1904 E. Robins Magnetic North i. 233 ‘I'll light a piece of fat pine,’ shouted the Boy.‥ ‘Where's your bitch?’ said Dillon.‥ ‘Haven't you got a condensed milk can with some bacon grease in it, and a rag wick?’ 1927 C. M. Russell Trails plowed Under 159 In the long winter nights their light was coal oil lamps or candles—sometimes they were forced to use a ‘bitch’, which was a tin cup filled with bacon grease and a twisted rag wick. 1961 Canadian Geogr. Jrnl. Jan. 14/2 ‘Office’ work was done by candlelight and sometimes by nothing better than a ‘bitch’—a wick in a shallow tin of tallow.
3.3 Comb. and attrib., as (sense 1) bitch-puppy, bitch-whelp; (sense 2) bitch-baby, bitch-clout, bitch-daughter, bitch-hunter, bitch-son; †bitch-daughter (obs.), the nightmare; bitch-fou a. (Sc.), as drunk and sick as a bitch, ‘beastly’ drunk; bitch-goddess, in William James's phr. (see quot. 1906); cf. success n. 3.
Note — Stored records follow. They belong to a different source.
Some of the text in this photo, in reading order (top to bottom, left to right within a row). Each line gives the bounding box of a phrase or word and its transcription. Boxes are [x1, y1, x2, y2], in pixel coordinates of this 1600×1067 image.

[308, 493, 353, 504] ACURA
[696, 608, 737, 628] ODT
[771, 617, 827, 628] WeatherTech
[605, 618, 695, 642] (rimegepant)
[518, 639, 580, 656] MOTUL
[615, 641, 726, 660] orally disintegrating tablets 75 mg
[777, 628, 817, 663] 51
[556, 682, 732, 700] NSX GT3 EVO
a 1400 Cov. Myst. 218 Come fforthe, thou hore, and stynkynge *byche-clowte.
1483 Cath. Angl. 31 Þe *Bych-doghter, epialta, noxa.
1786 Burns Interv. Ld. Dare, I've been‥*bitch-fou 'mang godly priests.
1906 W. James Let. 11 Sept. (1920) II. 260 A symptom of the moral flabbiness born of the exclusive worship of the *bitch-goddess success. 1928 D. H. Lawrence Lady Chatterley ix. 125 He realized now that the bitch-goddess of success had two main appetites: one for flattery, adulation, stroking and tickling such as writers and artists gave her; but the other a grimmer appetite for meat and bones. 1960 Cambr. Mag. 21 May 554/2 The pursuit, in our time, in the University and outside, of the Bitch Goddess Success, of a ‘better living’ without quality.
1787 Hunter in Phil. Trans. LXXVII. 255 My Lord Clanbrassil purchased a *Bitch-puppy.
c 1330 Arth. & Merl. 8487 *Biche sone! thou drawest amis.
c 1480 Gloss. in Wright Voc. 251 Hec catula, a *byche qwelpe.
1601 Holland Pliny I. 220 The *bitch-whelpe that commeth of the first litter.